--- Input records ---

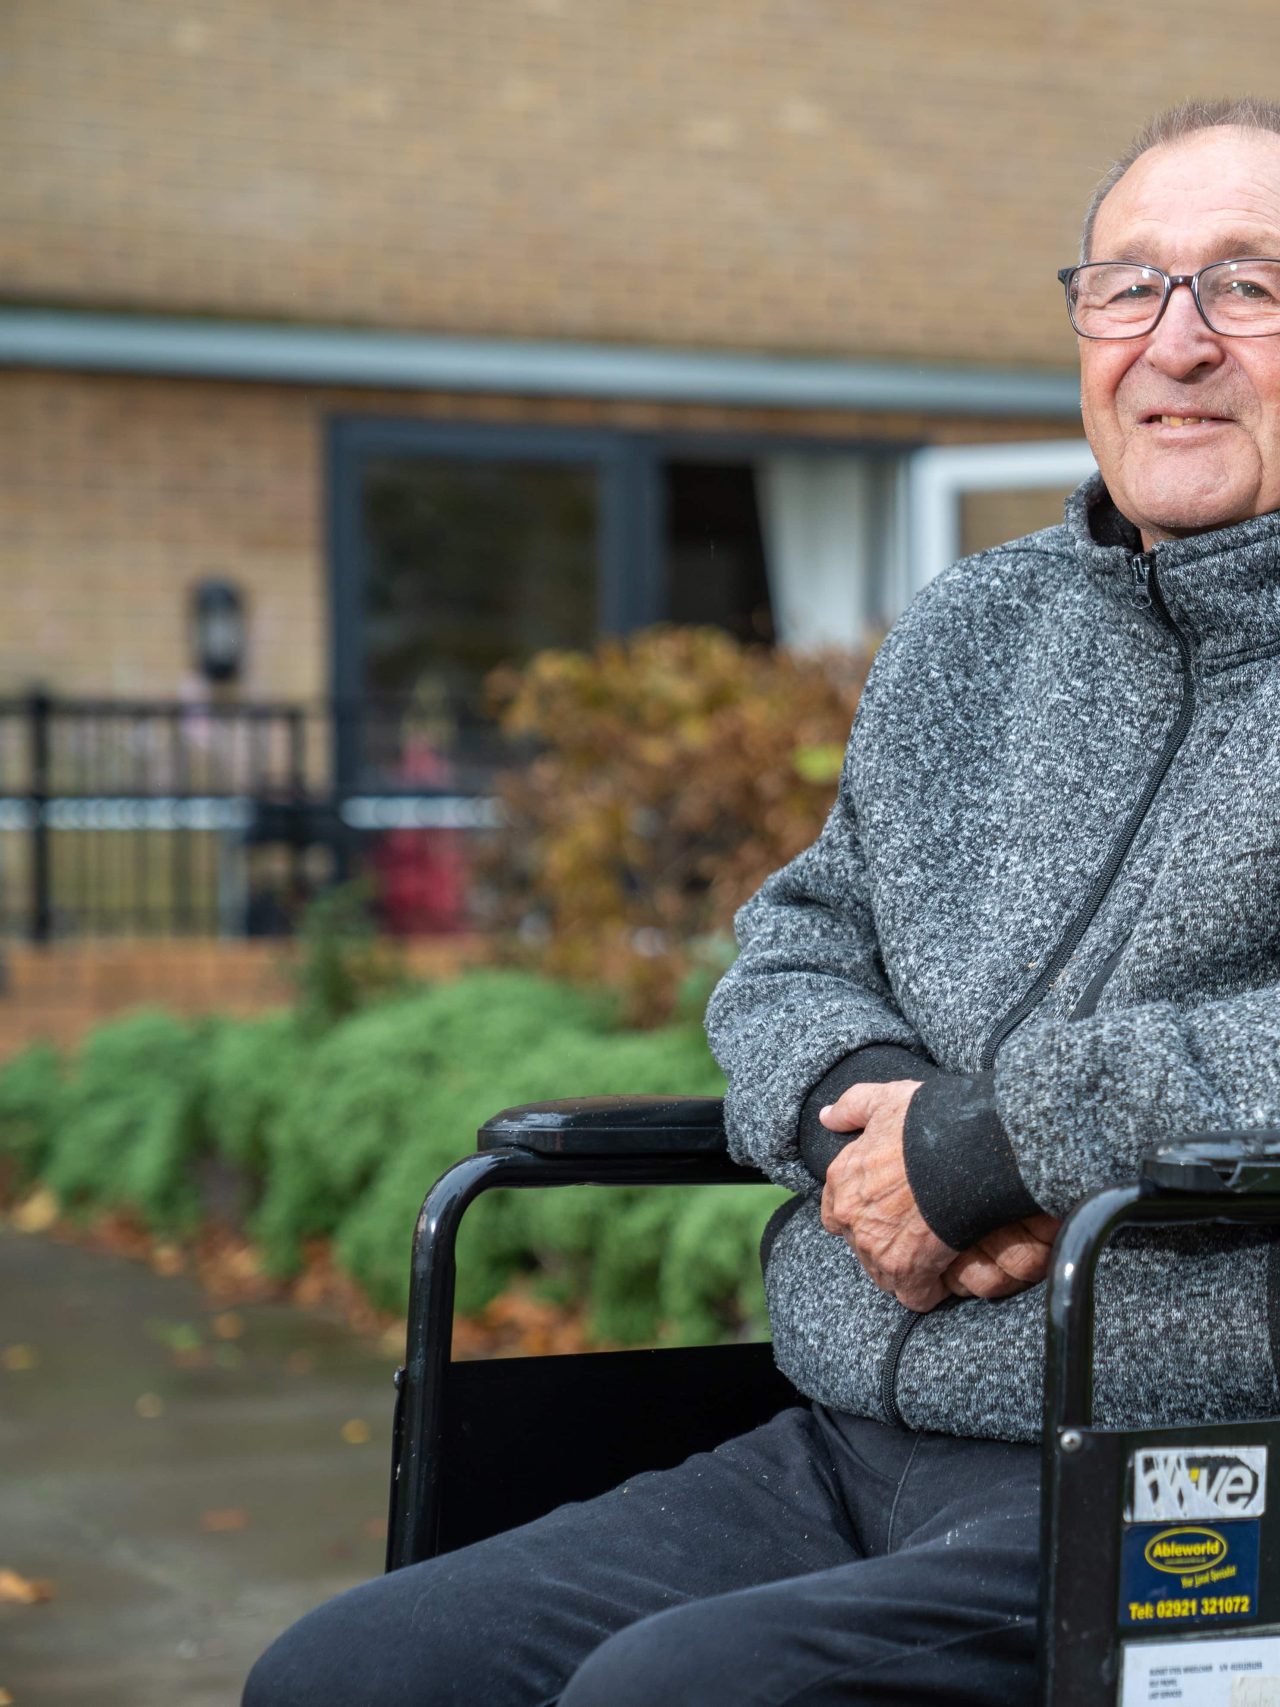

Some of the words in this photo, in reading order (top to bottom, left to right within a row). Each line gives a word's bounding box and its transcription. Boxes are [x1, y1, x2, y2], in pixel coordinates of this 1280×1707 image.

[1153, 1540, 1220, 1558] Ableworld
[1129, 1602, 1154, 1621] Tel:
[1156, 1598, 1197, 1619] 02921
[1201, 1595, 1250, 1615] 321072
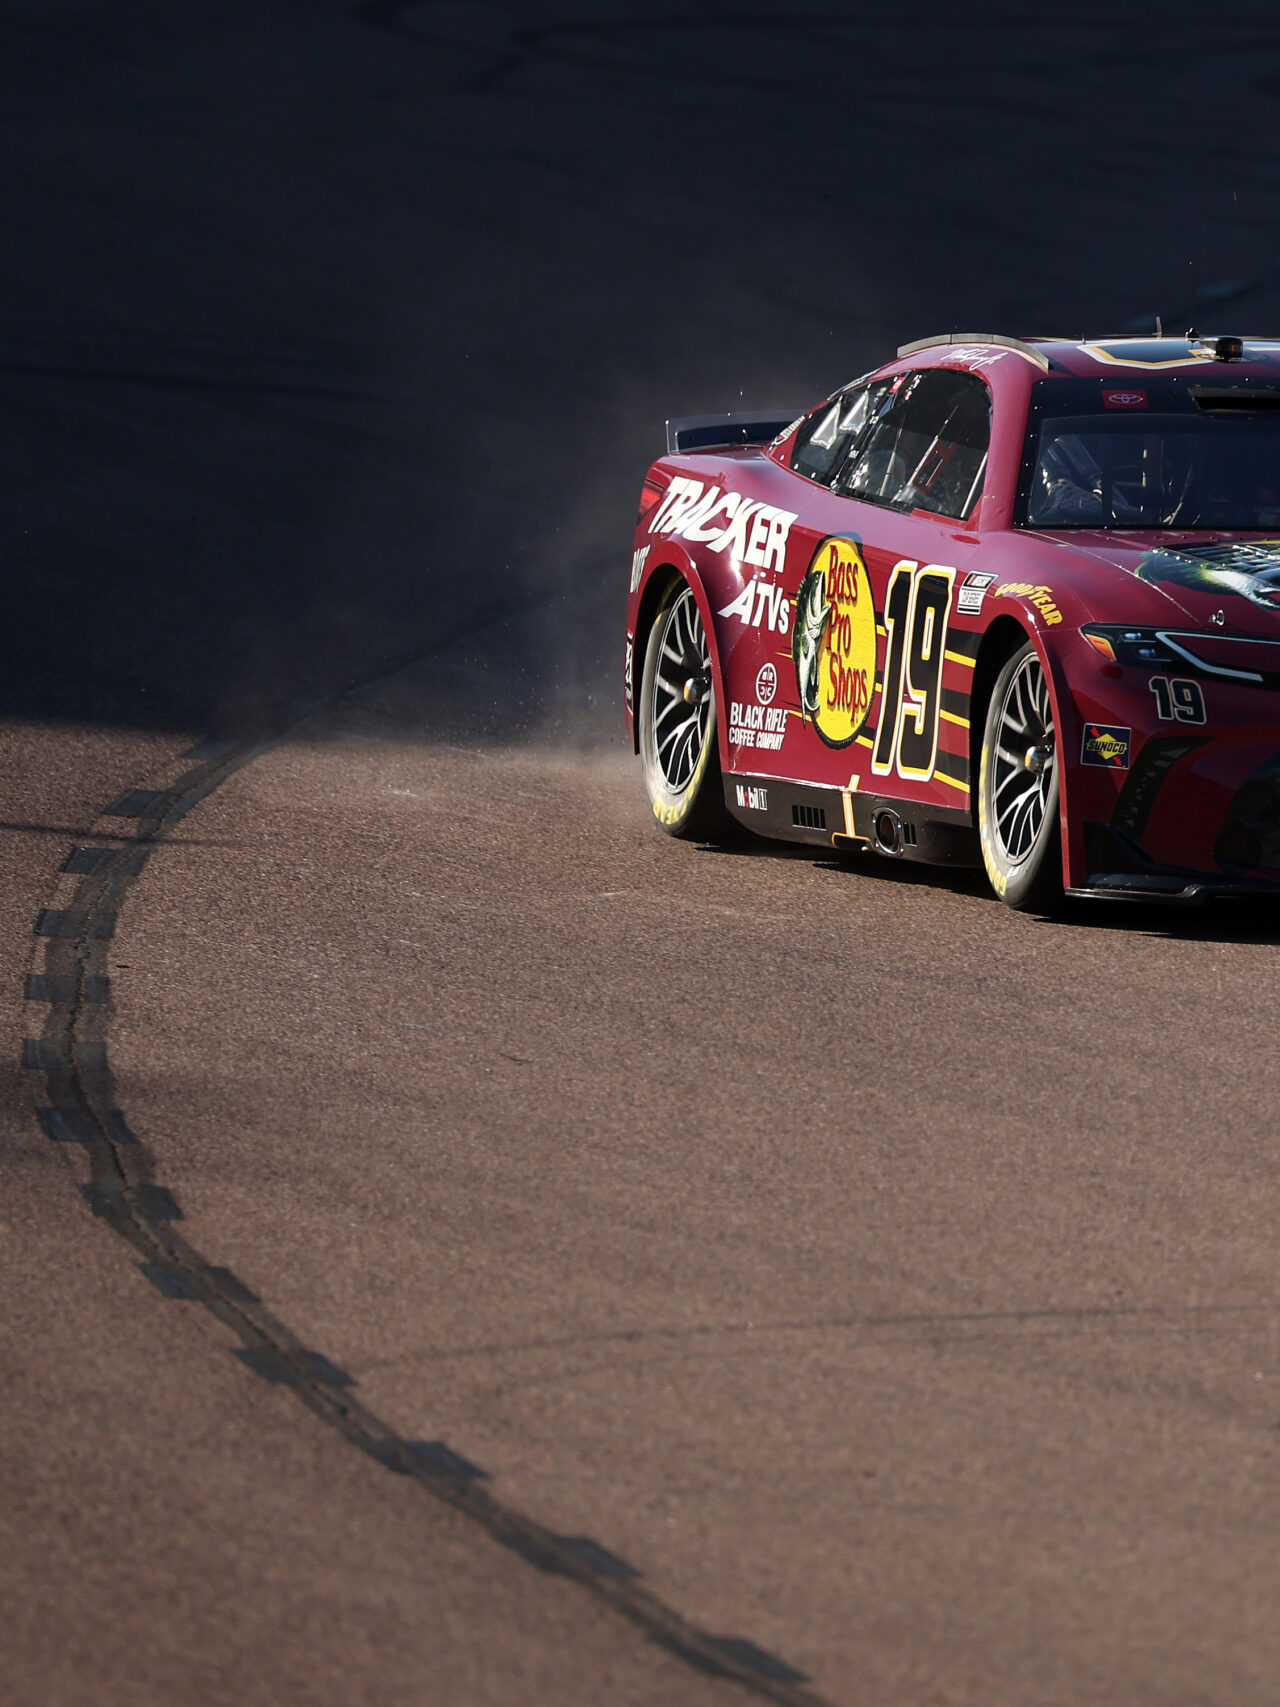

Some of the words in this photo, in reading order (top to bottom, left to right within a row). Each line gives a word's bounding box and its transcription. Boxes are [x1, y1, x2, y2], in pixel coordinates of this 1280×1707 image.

[648, 476, 799, 573] TRACKER
[826, 544, 859, 602] Bass
[717, 579, 790, 634] ATVs
[826, 600, 853, 659] Pro
[994, 583, 1063, 626] GOODYEAR
[827, 652, 868, 726] Shops
[871, 560, 957, 782] 19
[730, 702, 765, 730] BLACK
[764, 709, 789, 733] RIFLE
[1149, 676, 1207, 725] 19
[728, 727, 755, 748] COFFEE
[756, 731, 785, 751] COMPANY
[1087, 739, 1127, 754] SUNOCO
[736, 785, 759, 810] Mobil

---

■ **Task item**
Above are the records; repeat them all exactly, without the pictures.

■ **Worked solution**
Some of the words in this photo, in reading order (top to bottom, left to right within a row). Each line gives a word's bounding box and its transcription. Boxes are [x1, y1, x2, y2], in pixel coordinates of this 1280×1707 image.

[1153, 1540, 1220, 1558] Ableworld
[1129, 1602, 1154, 1621] Tel:
[1156, 1598, 1197, 1619] 02921
[1201, 1595, 1250, 1615] 321072

Some of the words in this photo, in reading order (top to bottom, left to right within a row). Each line gives a word's bounding box and its transcription. Boxes are [x1, y1, x2, y2], in pixel coordinates of this 1280×1707 image.

[648, 476, 799, 573] TRACKER
[826, 544, 859, 602] Bass
[717, 579, 790, 634] ATVs
[826, 600, 853, 659] Pro
[994, 583, 1063, 626] GOODYEAR
[827, 652, 868, 726] Shops
[871, 560, 957, 782] 19
[730, 702, 765, 730] BLACK
[764, 709, 789, 733] RIFLE
[1149, 676, 1207, 725] 19
[728, 727, 755, 748] COFFEE
[756, 731, 785, 751] COMPANY
[1087, 739, 1127, 754] SUNOCO
[736, 785, 759, 810] Mobil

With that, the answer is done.